GOAL OF THE EXERCISE: Make an exact copy of all the data, pictures excluded.
DATA SECTION START
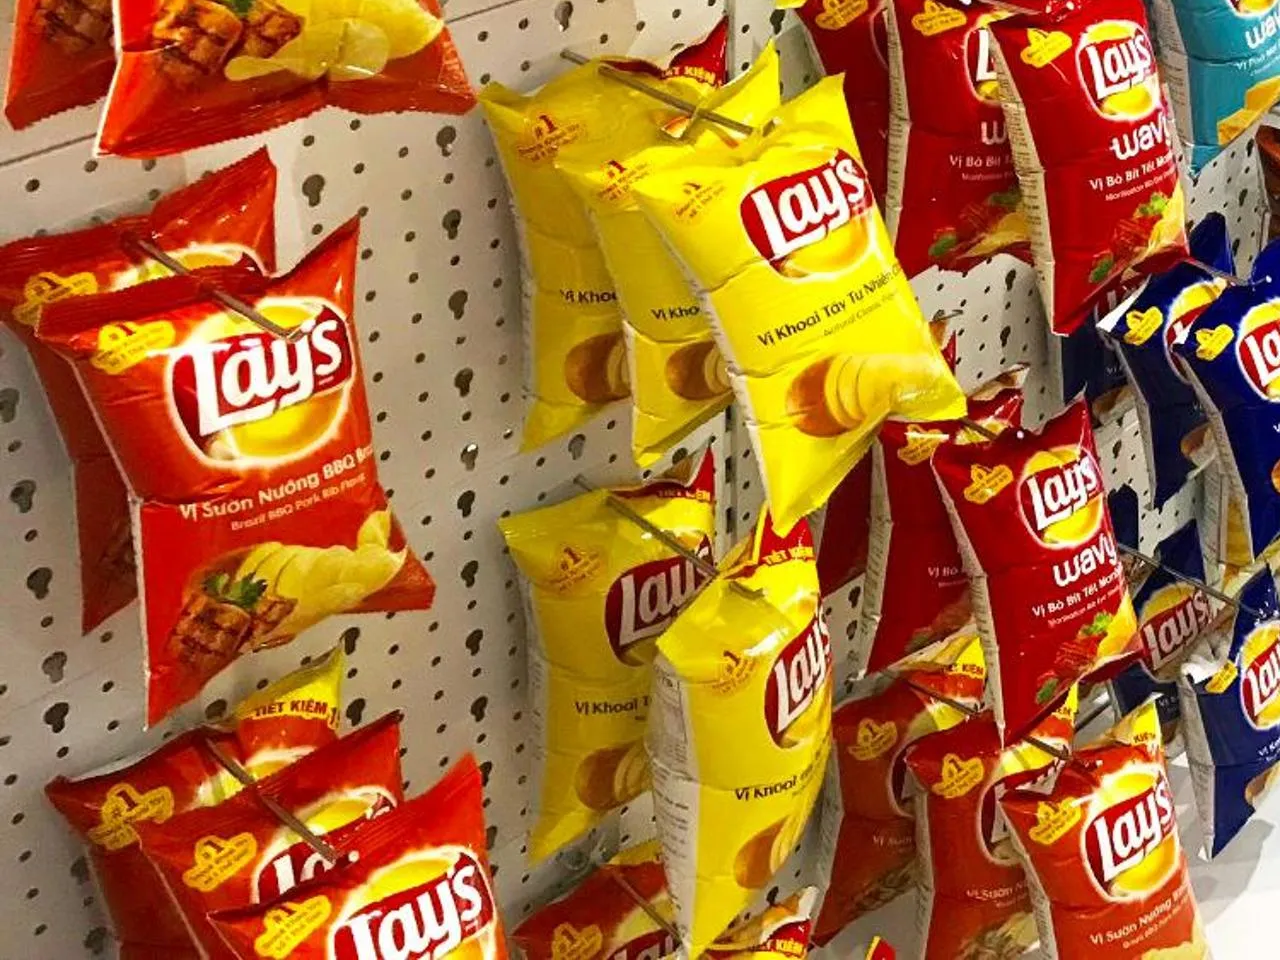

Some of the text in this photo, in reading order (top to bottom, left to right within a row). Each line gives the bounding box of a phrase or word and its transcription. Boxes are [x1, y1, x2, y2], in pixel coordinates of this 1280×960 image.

[1085, 33, 1151, 100] Lay's
[751, 148, 866, 260] Lay's
[191, 316, 344, 437] Lay's
[1027, 454, 1099, 531] Lay's
[775, 614, 830, 734] Lay's
[1143, 590, 1211, 671] Lay's
[1095, 785, 1173, 882] Lay's
DATA SECTION END
EXERCISE RESPONSE:
Some of the text in this photo, in reading order (top to bottom, left to right within a row). Each line gives the bounding box of a phrase or word and its transcription. Boxes are [x1, y1, x2, y2], in pixel coordinates of this 1280×960 image.

[1085, 33, 1151, 100] Lay's
[751, 148, 866, 260] Lay's
[191, 316, 344, 437] Lay's
[1027, 454, 1099, 531] Lay's
[775, 614, 830, 734] Lay's
[1143, 590, 1211, 671] Lay's
[1095, 785, 1173, 882] Lay's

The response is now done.